There were many things that I liked about the church that I attended this morning.  The pastor stands at the door and greets people at the end of the service.  The church was relatively small, yet active.  It was small enough that I could learn some of the people’s names, and they could learn mine.  But it is not a dying church, for a group of teenagers and young adults were confirmed this morning, so that should put to rest the whole evangelical myth that mainline Protestantism is dying off.  The church focused a lot on God’s love.  The worship style was contemporary.  On the one hand, I like traditional hymns because they have more theological meatiness for me to chew on (and blog about).  On the other hand, I find contemporary praise songs to be pretty and more conducive to my adoration of the Lord.  I do wish that more people this morning lifted up their hands while singing, but that’s probably something I’d find more in holy roller evangelical churches, and their dogmatism turns me off.  I may lift my hands in worship next week, and hope nobody says anything, or thinks that I’m showing off or trying to draw attention to myself.  There are just some praise songs that make me want to lift up my hands!

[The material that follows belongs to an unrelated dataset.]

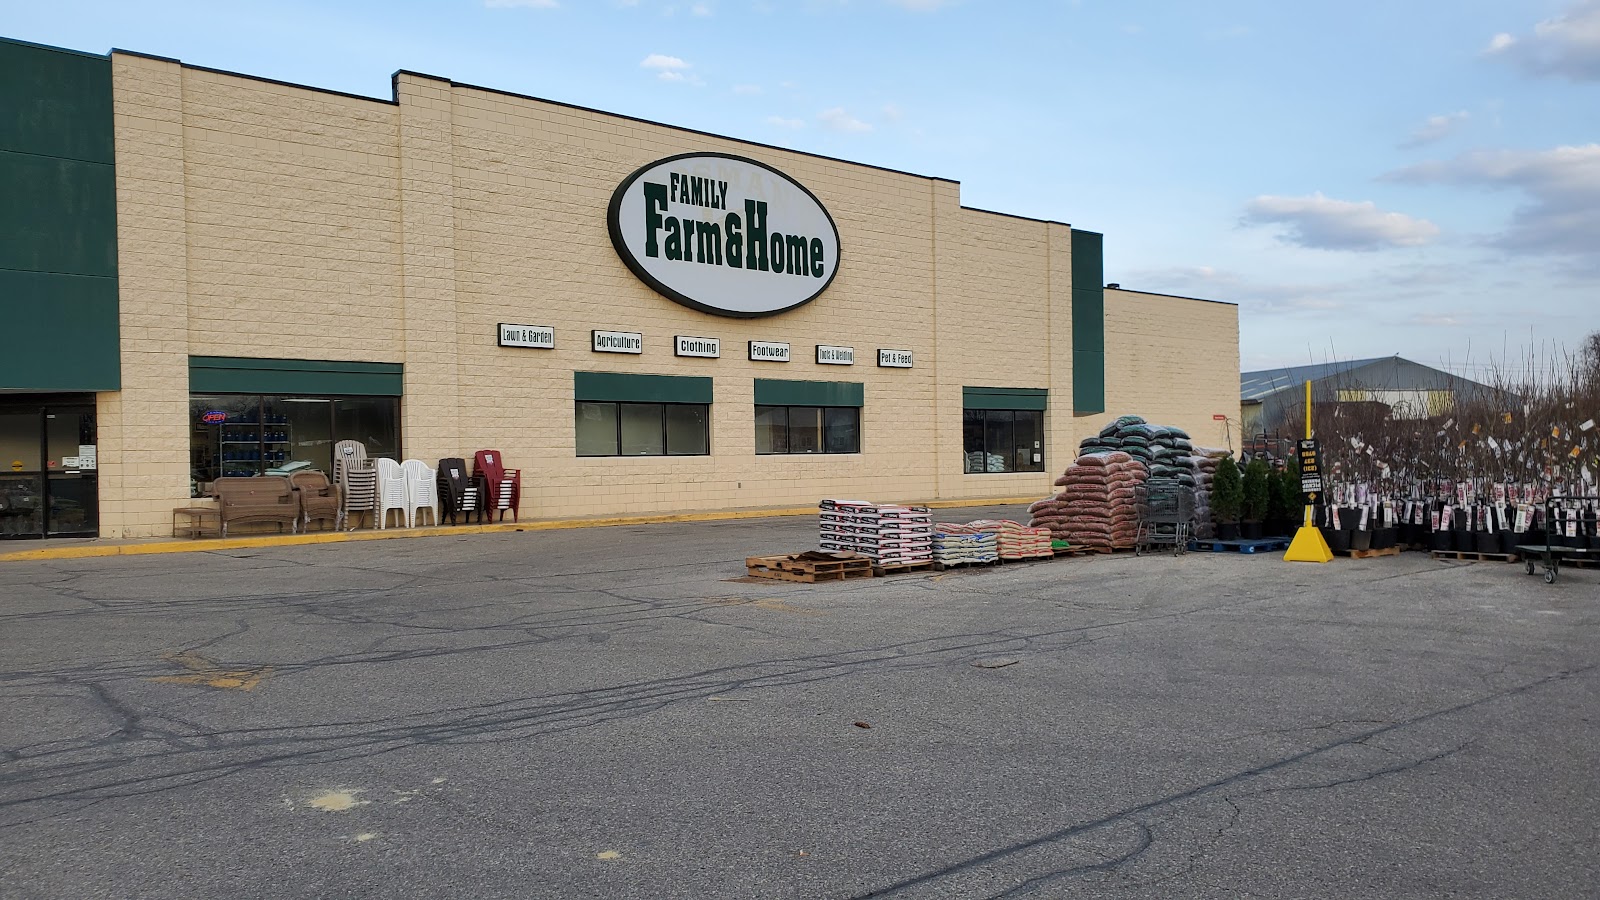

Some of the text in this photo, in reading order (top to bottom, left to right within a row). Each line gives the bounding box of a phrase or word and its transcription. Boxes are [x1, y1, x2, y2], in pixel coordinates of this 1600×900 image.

My favorite part of the service was when one of the teenagers listed the questions that he still had about God.  This communicated to me that it was all right, in this church, to commit to faith and to serving God, while still having doubts and questions.  His questions included whether every word of the Bible is true, the problem of evil and whether the free will defense actually solves it, and what God thinks about other religions.  I’d like to focus on what he said about the Bible.  He asked if he had to accept every word of the Bible, or if he could pick and choose, based on what he identified with.  He said that he tended to go with the latter because there are a lot of weird things in the Bible.  The congregation chuckled at that.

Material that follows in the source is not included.